Brand Name: Cipralex
Generic Name: (escitalopram oxalate)
DIN: 02263238 10 mg tablet
02263254 20 mg tablet
Patentee: Lundbeck Canada Inc.
Indication - as per product monograph:
For the symptomatic relief of Major Depressive Disorder (MDD).
Notice of Compliance: December 24, 2004
Date of First Sale: February 14, 2005
ATC Class: N06AB10
Nervous System, Psychoanaleptics, Antidepressants, Selective Serotonin Reuptake Inhibitors.

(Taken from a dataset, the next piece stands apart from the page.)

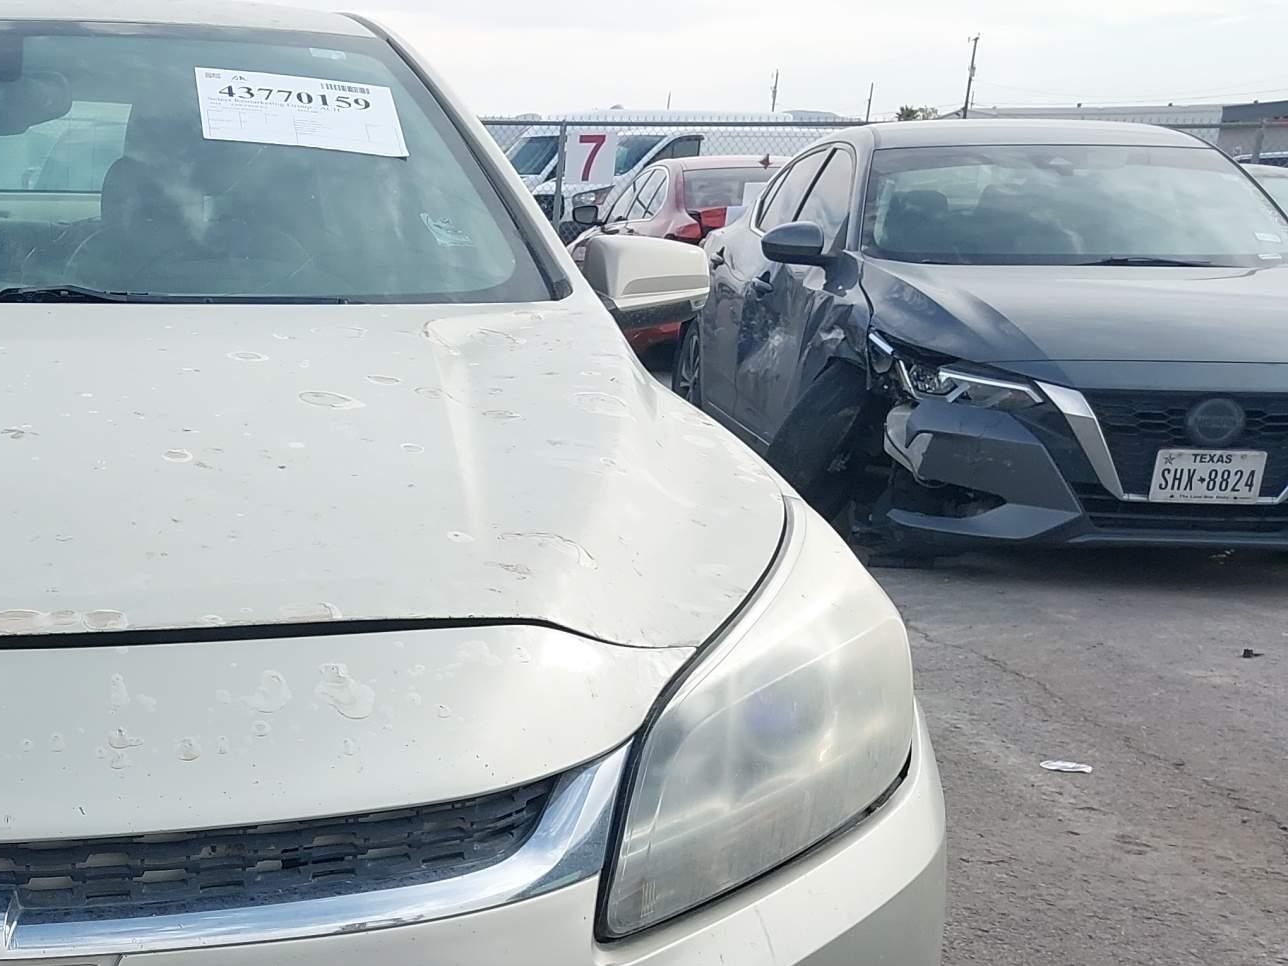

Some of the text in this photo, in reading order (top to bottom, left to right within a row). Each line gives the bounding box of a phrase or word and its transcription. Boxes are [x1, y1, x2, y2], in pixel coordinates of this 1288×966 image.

[218, 85, 371, 111] 43770159
[578, 134, 606, 181] 7
[1192, 453, 1233, 464] TEXAS

Application of the Guidelines:
Summary:
The introductory price of Cipralex was found to be within the Guidelines because the cost of therapy did not exceed the cost of therapy of existing drugs in the therapeutic class comparison and the price did not exceed the prices in the other comparator countries where Cipralex was sold.
Scientific Review:
Cipralex is a new active substance and the PMPRB's Human Drug Advisory Panel (HDAP) recommended that Cipralex be reviewed as a category 3 new medicine (provides moderate, little or no therapeutic advantage over comparable medicines).
The Therapeutic Class Comparison (TCC) test of the Guidelines provides that the price of a category 3 new drug product cannot exceed the prices of other drugs that treat the same disease or condition. Comparators are generally selected from among existing drug products in the same 4th level of the Anatomical, Therapeutic, Chemical (ATC) System that are clinically equivalent in addressing the approved indication. See the PMPRB´s Compendium of Guidelines, Policies and Procedures for a more complete description of the Guidelines and the policies on TCCs.
The HDAP recommended Celexa (citalopram), Luvox (fluvoxamine), Paxil and Paxil CR (paroxetine), Prozac (fluoxetine) and Zoloft (sertraline) as the most appropriate comparators for Cipralex. The HDAP noted that although the most appropriate comparator for Cipralex is Celexa (citalopram), the other agents were also recommended as they are of the same 4th level, share the same indication and are clinically equivalent in addressing the approved indication of Cipralex.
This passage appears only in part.